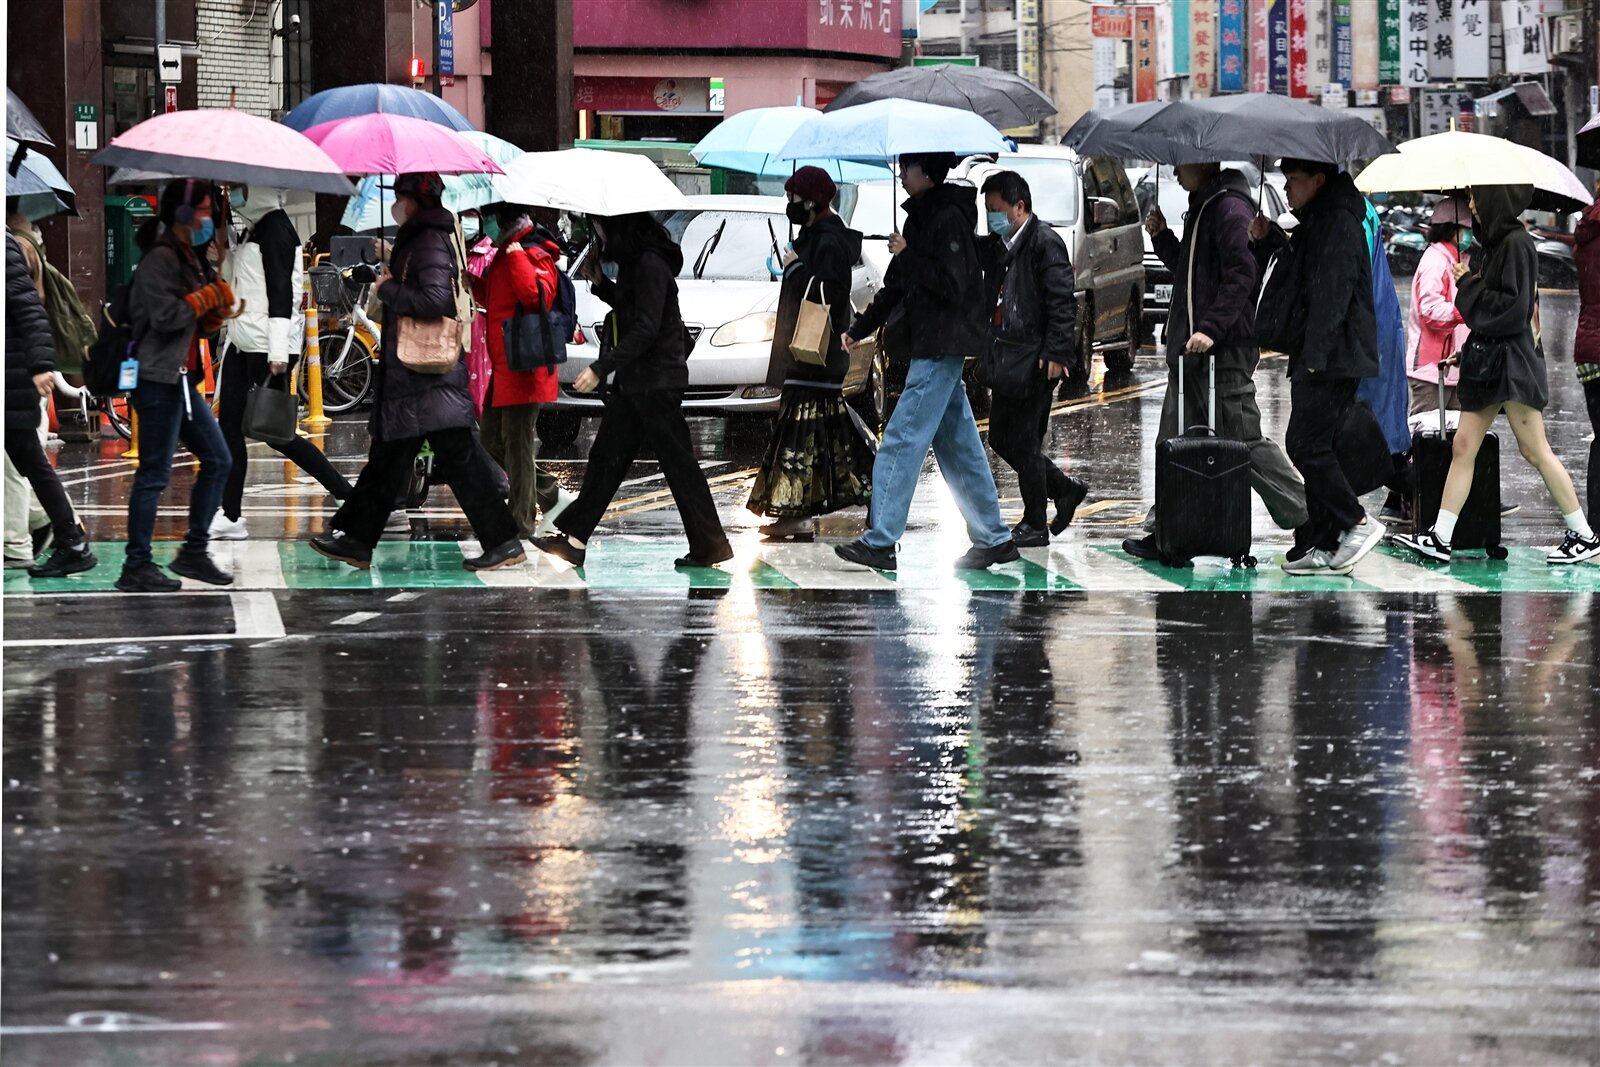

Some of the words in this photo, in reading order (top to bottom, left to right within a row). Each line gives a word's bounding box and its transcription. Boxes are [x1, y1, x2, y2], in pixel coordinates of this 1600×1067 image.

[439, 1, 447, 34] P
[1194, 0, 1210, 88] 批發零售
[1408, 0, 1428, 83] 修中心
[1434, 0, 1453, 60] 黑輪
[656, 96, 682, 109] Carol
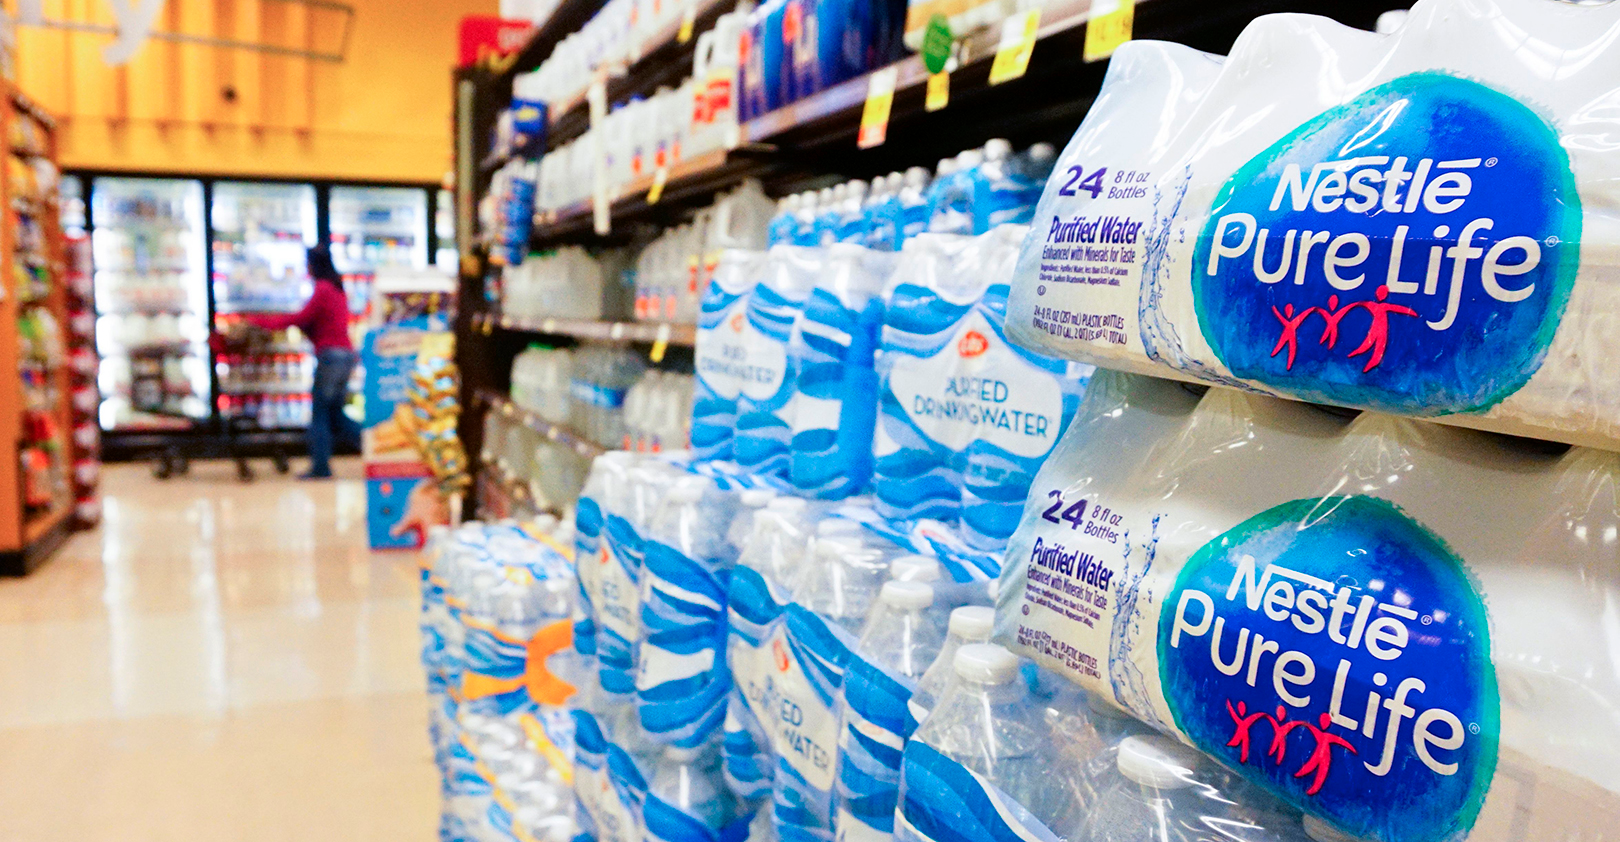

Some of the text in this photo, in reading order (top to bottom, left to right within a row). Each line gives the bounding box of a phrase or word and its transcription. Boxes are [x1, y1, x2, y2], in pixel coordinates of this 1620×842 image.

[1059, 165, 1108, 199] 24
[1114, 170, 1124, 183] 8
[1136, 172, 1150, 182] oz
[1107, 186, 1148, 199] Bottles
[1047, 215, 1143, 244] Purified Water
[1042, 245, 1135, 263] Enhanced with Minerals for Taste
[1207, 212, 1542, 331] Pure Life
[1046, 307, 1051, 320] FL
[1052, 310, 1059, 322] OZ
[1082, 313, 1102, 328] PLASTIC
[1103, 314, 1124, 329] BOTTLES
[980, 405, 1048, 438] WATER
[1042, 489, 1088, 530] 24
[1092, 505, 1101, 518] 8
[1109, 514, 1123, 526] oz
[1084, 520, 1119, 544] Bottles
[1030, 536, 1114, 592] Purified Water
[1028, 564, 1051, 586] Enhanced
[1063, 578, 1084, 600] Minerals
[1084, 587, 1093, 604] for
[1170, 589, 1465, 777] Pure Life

# # #

▶ _YOUR TASK_
Return the data word for word without its pictures.

▶ _SOLVED EXERCISE_
Some of the words in this photo, in reading order (top to bottom, left to right within a row). Each line gives a word's bounding box and its transcription. Boxes are [x1, y1, x2, y2], in pixel coordinates of this 1600×1067 image.

[439, 1, 447, 34] P
[1194, 0, 1210, 88] 批發零售
[1408, 0, 1428, 83] 修中心
[1434, 0, 1453, 60] 黑輪
[656, 96, 682, 109] Carol

Some of the text in this photo, in reading order (top to bottom, left to right within a row). Each line gives the bounding box of a phrase or word and its transcription. Boxes are [x1, y1, x2, y2], in pixel coordinates of this 1620×842 image.

[1059, 165, 1108, 199] 24
[1114, 170, 1124, 183] 8
[1136, 172, 1150, 182] oz
[1107, 186, 1148, 199] Bottles
[1047, 215, 1143, 244] Purified Water
[1042, 245, 1135, 263] Enhanced with Minerals for Taste
[1207, 212, 1542, 331] Pure Life
[1046, 307, 1051, 320] FL
[1052, 310, 1059, 322] OZ
[1082, 313, 1102, 328] PLASTIC
[1103, 314, 1124, 329] BOTTLES
[980, 405, 1048, 438] WATER
[1042, 489, 1088, 530] 24
[1092, 505, 1101, 518] 8
[1109, 514, 1123, 526] oz
[1084, 520, 1119, 544] Bottles
[1030, 536, 1114, 592] Purified Water
[1028, 564, 1051, 586] Enhanced
[1063, 578, 1084, 600] Minerals
[1084, 587, 1093, 604] for
[1170, 589, 1465, 777] Pure Life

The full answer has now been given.